How is ThreadLocal implemented?

October 29, 2013 by Nikita Salnikov-Tarnovski

This is a follow-up to my last week post, where I explained the motivation behind ThreadLocal usage. From the post we could recall that ThreadLocal is indeed a cool concept if you wish to have an independently initialized copy of a variable for each thread. Now, the curious ones might have already started asking “how could I implement such a concept in Java”?

Or you might feel that it will not be interesting topic – after all, all you need in here is a Map, isn’t it? When dealing with a ThreadLocal<T> it seems to make all the sense in the world to implement the solution as HashMap<Thread,T> with Thread.currentThread() as the key. Actually it is not that simple. So if you have five minutes, bear with me and I will guide you through a beautiful design concept.

First obvious problem with the simple HashMap solution is the thread-safety. As HashMap is not built to support concurrent usage, we cannot safely use the implementation in the multi-threaded environment. Fortunately we do not need to look far for the fix – the ConcurrentHashMap<Thread, T> looks like a match made in heaven. Full concurrency of retrievals and adjustable expected concurrency for updates is exactly what we need in the first place.
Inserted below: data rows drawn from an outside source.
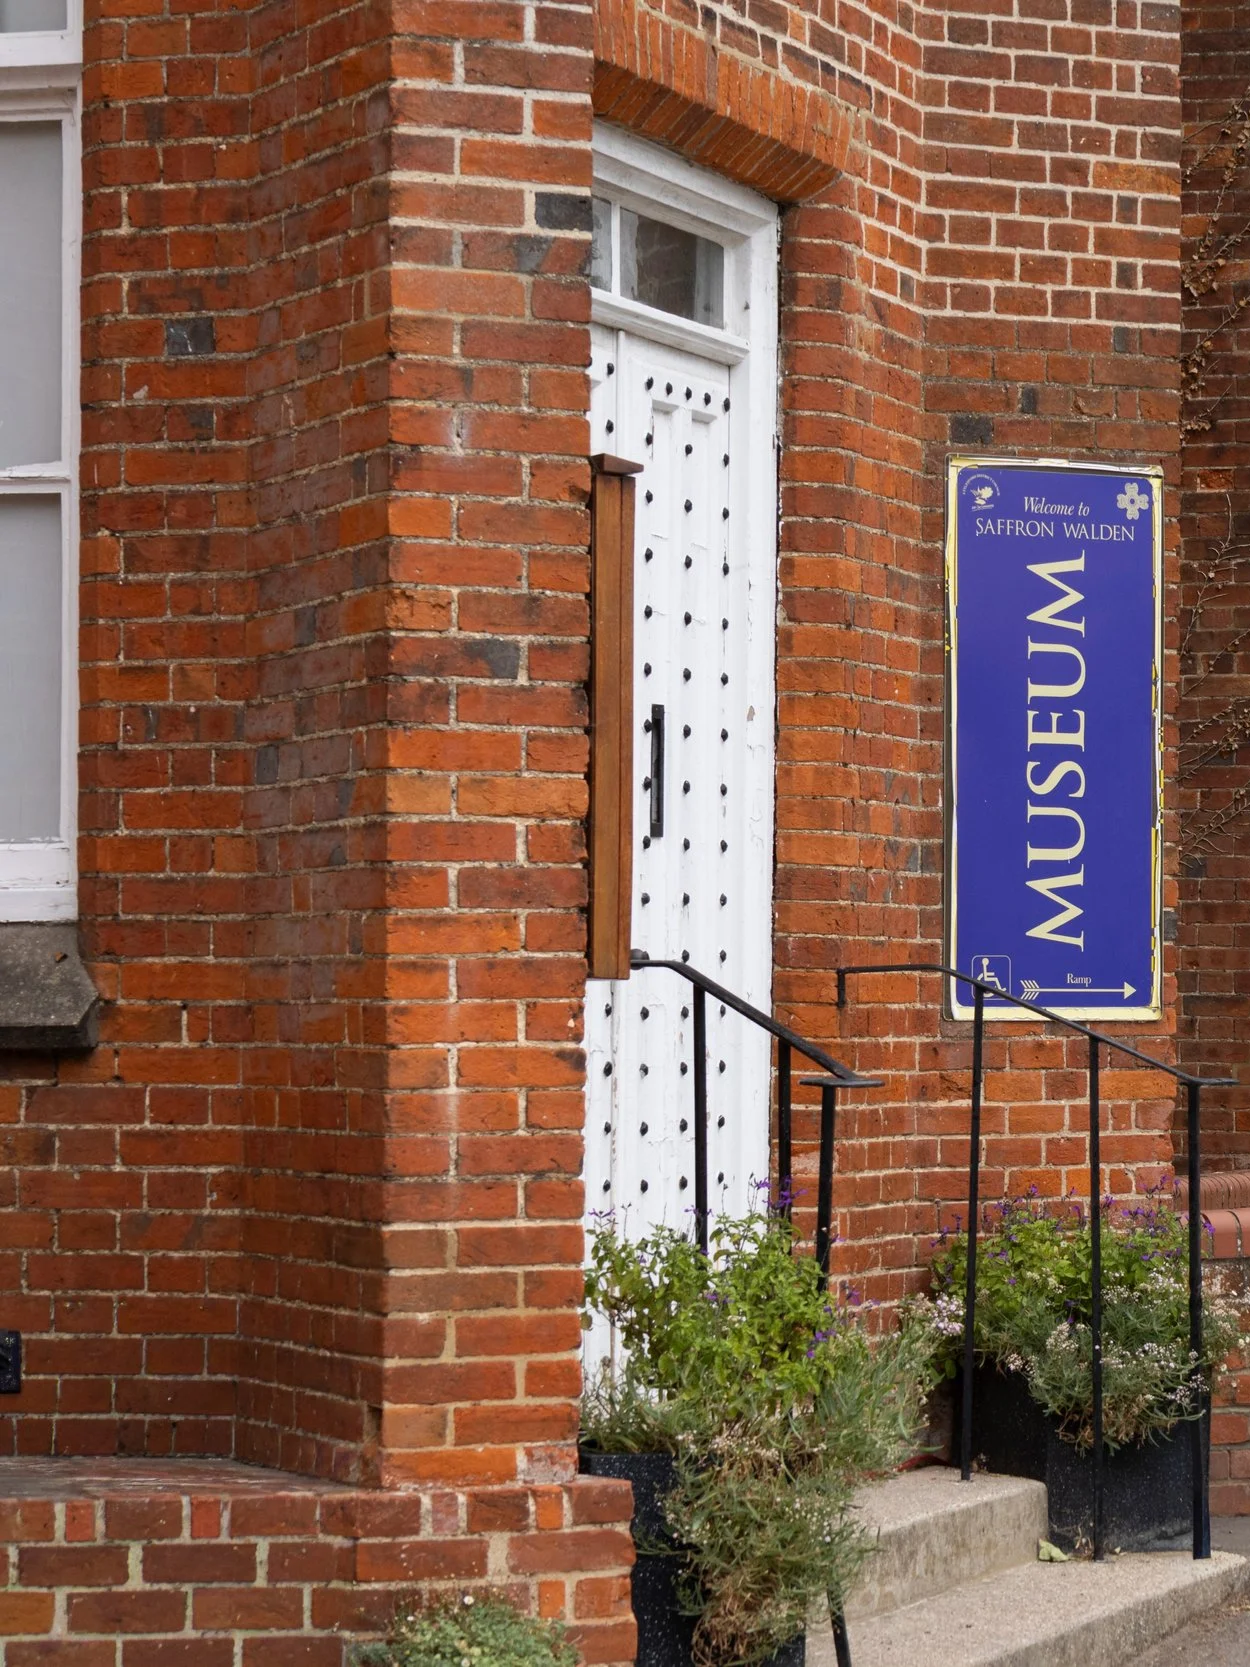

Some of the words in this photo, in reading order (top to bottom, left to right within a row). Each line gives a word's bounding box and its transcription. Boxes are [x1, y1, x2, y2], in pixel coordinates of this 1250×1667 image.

[1024, 496, 1074, 516] Welcome
[1078, 501, 1090, 517] to
[976, 517, 1054, 537] SAFFRON
[1063, 522, 1135, 541] WALDEN
[1026, 549, 1086, 952] MUSEUM
[1067, 973, 1092, 987] Ramp
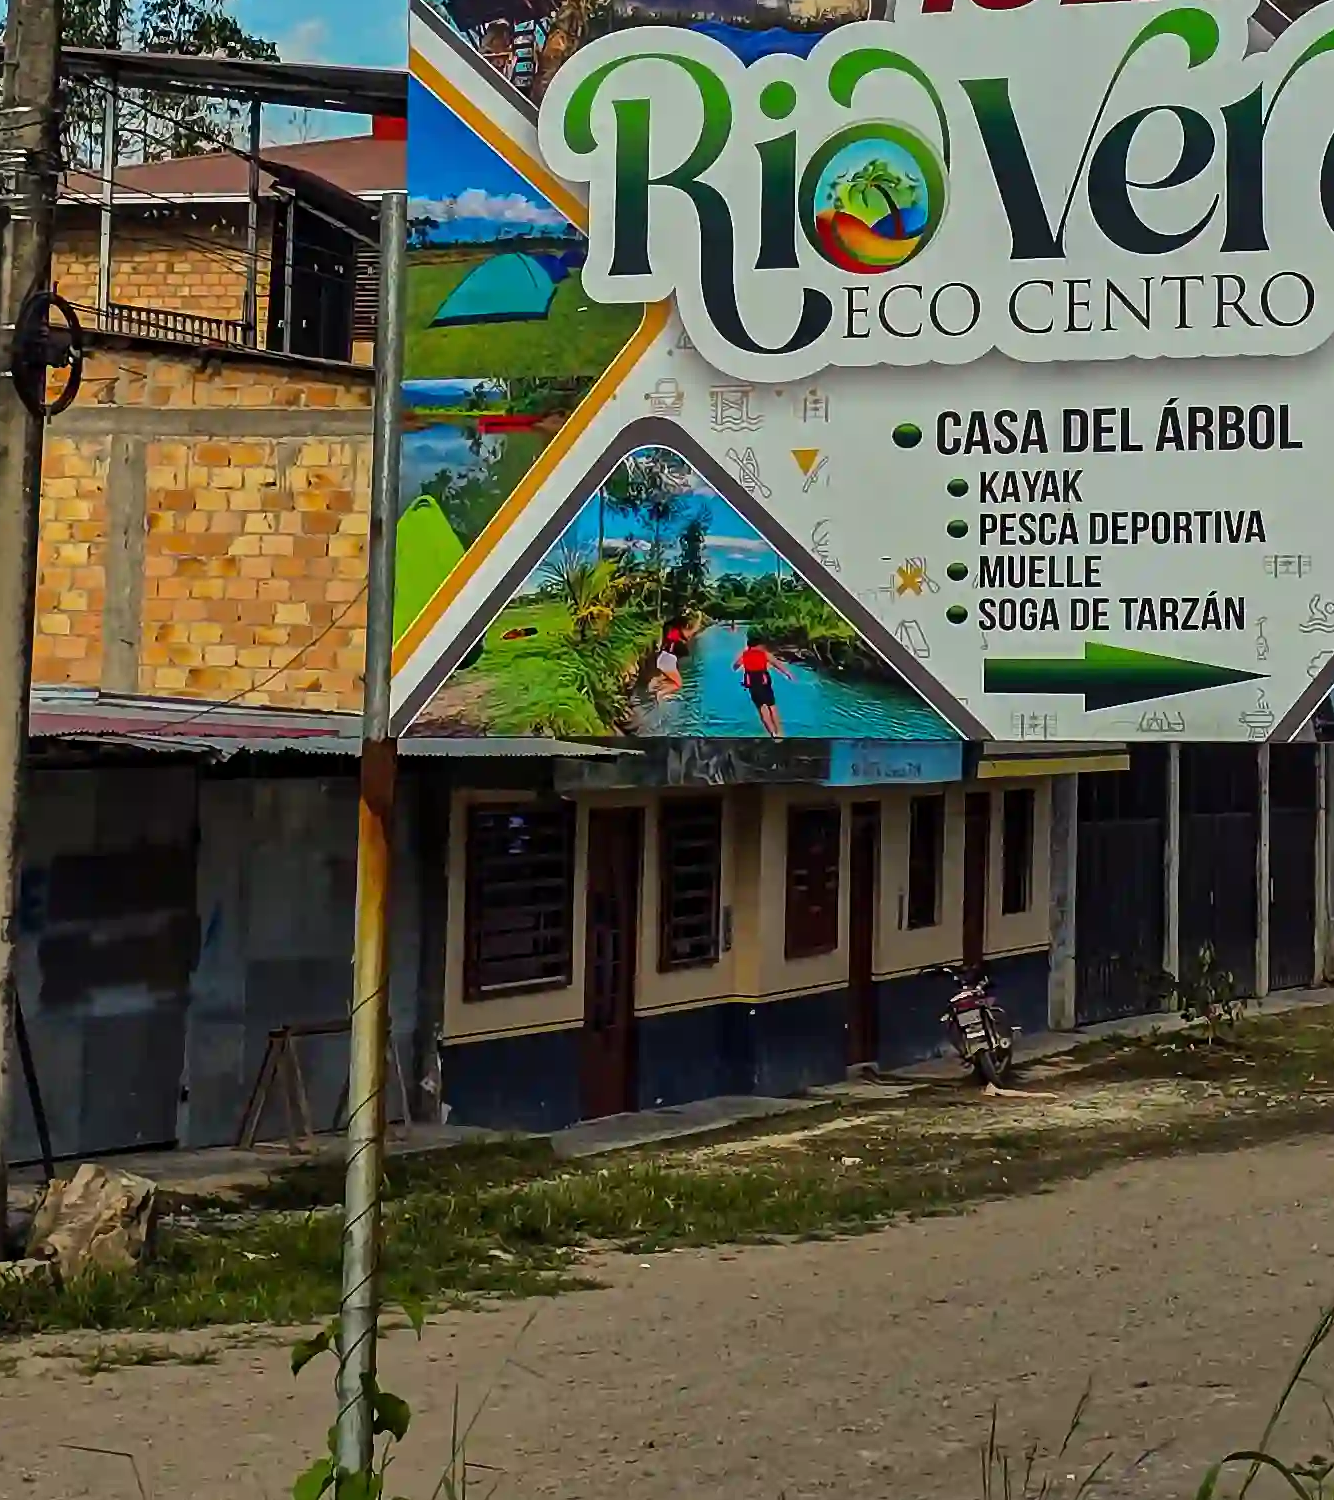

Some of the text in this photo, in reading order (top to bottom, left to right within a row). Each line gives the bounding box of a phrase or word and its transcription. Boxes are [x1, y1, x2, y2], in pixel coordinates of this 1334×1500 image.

[842, 271, 1316, 340] ECO CENTRO
[936, 397, 1303, 456] CASA DEL ÁRBOL
[979, 469, 1083, 503] KAYAK
[979, 509, 1266, 545] PESCA DEPORTIVA
[979, 555, 1101, 588] MUELLE
[978, 590, 1245, 631] SOGA DE TARZÁN
Now, if you would apply a solution based on the ConcurrentHashMap to the ThreadLocal implementation in the JDK source you would have introduced two serious problems.

  • First and foremost, you are having Threads as keys in the Map structure. As the map is never garbage collected, you end up keeping a reference to the Thread forever, blocking the thread from being GCd. Unwillingly you have created a massive memory leak in the design.
  • Second problem might take longer to surface, but even with the clever segmentation under the hood reducing the chance of lock contention, ConcurrentHashMap still bears a synchronization overhead. With the synchronization requirement still in place you still have a structure which is a potential source for the bottleneck.
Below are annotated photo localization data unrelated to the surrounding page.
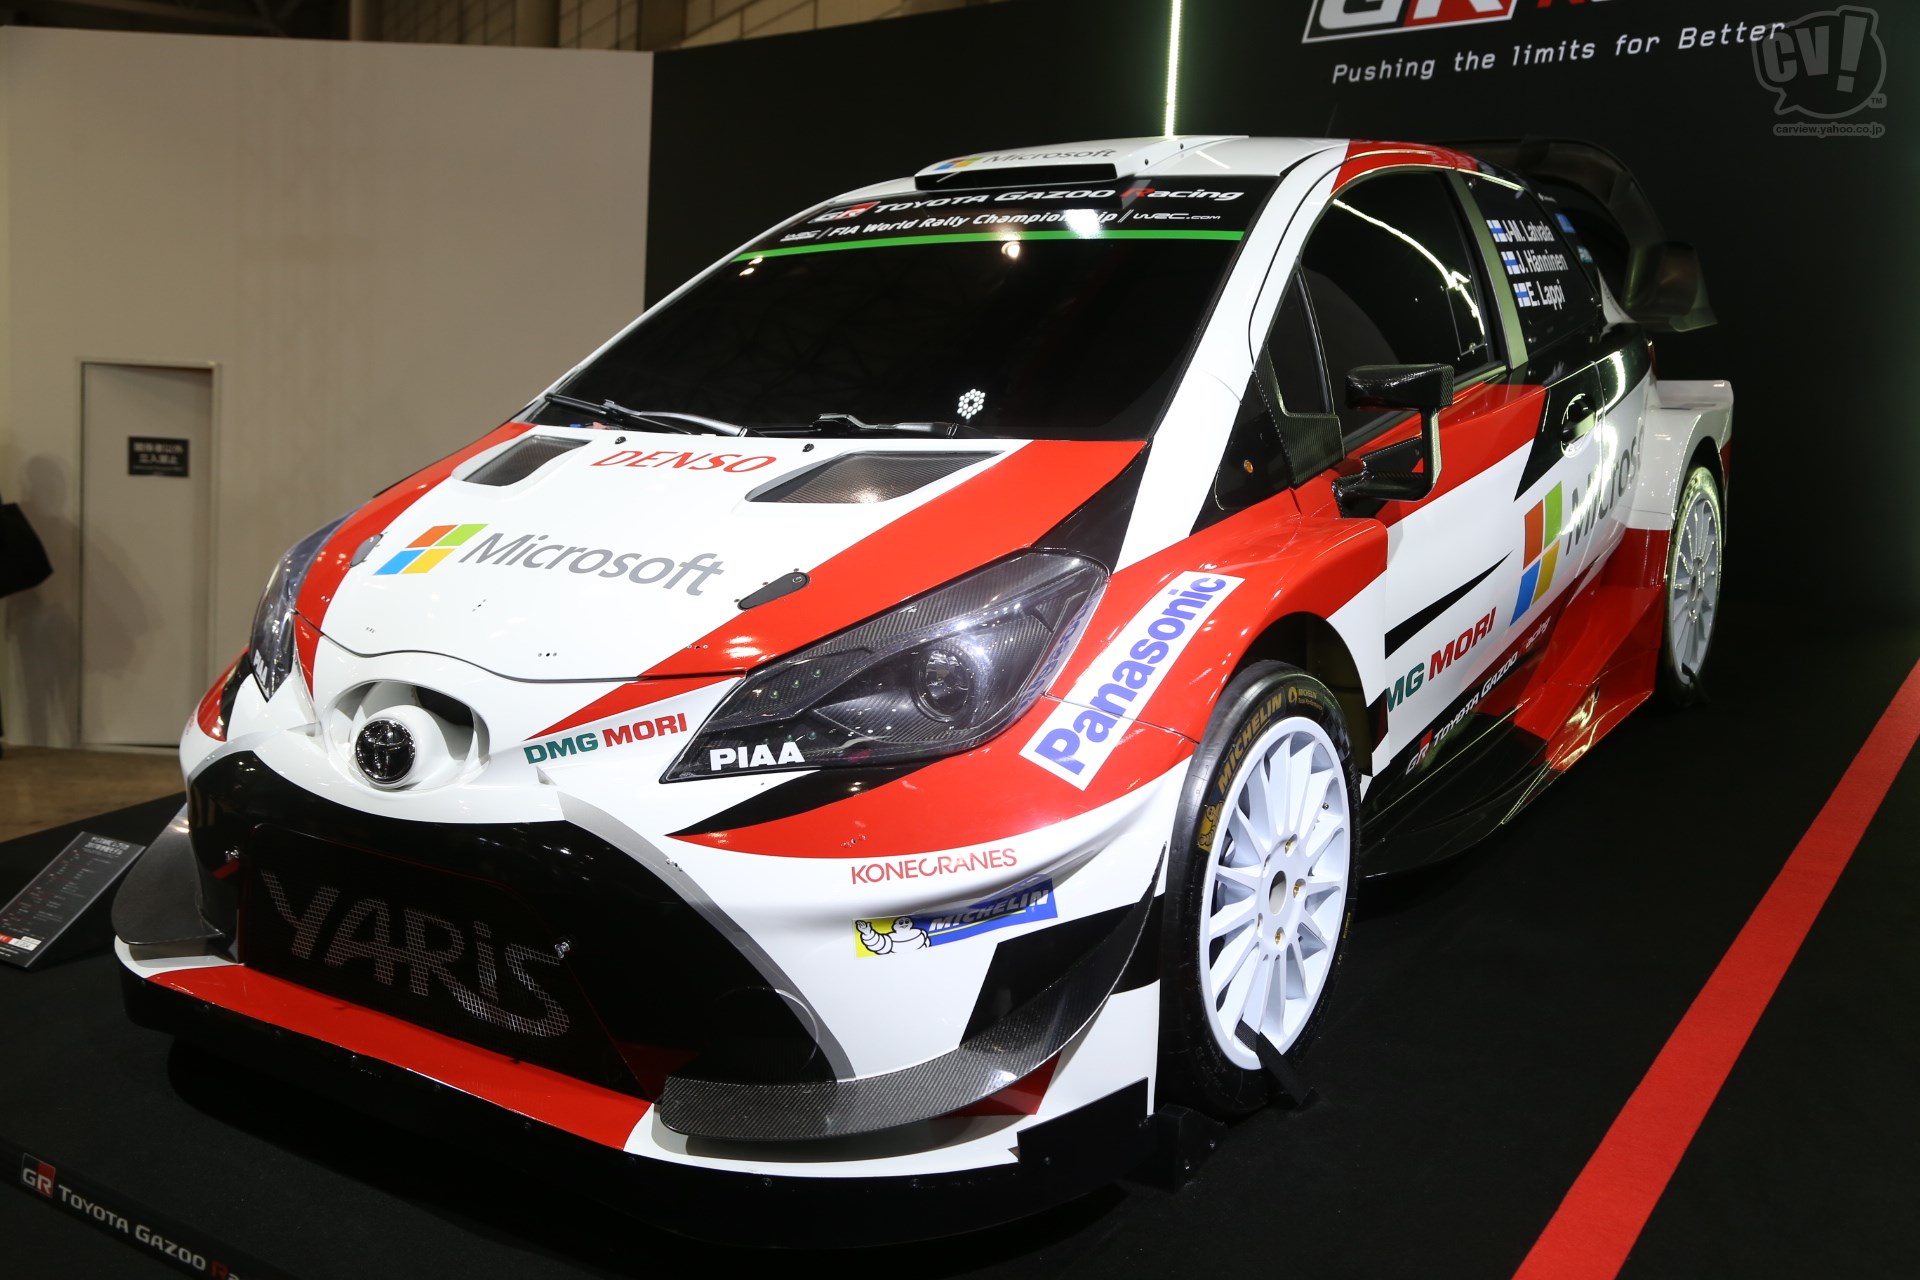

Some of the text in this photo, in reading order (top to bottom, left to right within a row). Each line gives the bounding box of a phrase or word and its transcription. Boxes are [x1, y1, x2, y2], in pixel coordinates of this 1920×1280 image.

[1331, 21, 1786, 84] Pushing the limits for Better
[983, 149, 1117, 164] Microsoft
[874, 194, 989, 213] TOYOTA
[994, 189, 1116, 201] GAZOO
[1120, 187, 1244, 201] Racing
[827, 226, 860, 237] FIA
[862, 219, 920, 233] World
[918, 213, 970, 229] Rally
[1525, 278, 1566, 311] E. Lappi
[590, 450, 777, 474] DENSO
[458, 532, 726, 597] Microsoft
[1034, 577, 1226, 776] Panasonic
[1386, 606, 1497, 713] MG MORI
[1433, 692, 1480, 747] TOYOTA
[1481, 651, 1519, 698] GAZOO
[524, 713, 688, 764] DMG MORI
[710, 741, 805, 771] PIAA
[1217, 692, 1282, 794] MICHELIN
[851, 848, 1017, 884] KONECRANES
[928, 889, 1050, 932] MICHELIN
[22, 1167, 52, 1194] GR
[58, 1184, 129, 1234] TOYOTA
[135, 1224, 206, 1272] GAZOO
But let us start solving the biggest issue first. Our data structure needs to allow threads to be garbage collected if our reference is the last one pointing to a thread in question. Again, the first possible solution is staring right at us – instead of our usual references to the object, why not use WeakReferences instead? So the implementation would now look similar to the following:

Collections.synchronizedMap(new WeakHashMap<Thread, T>())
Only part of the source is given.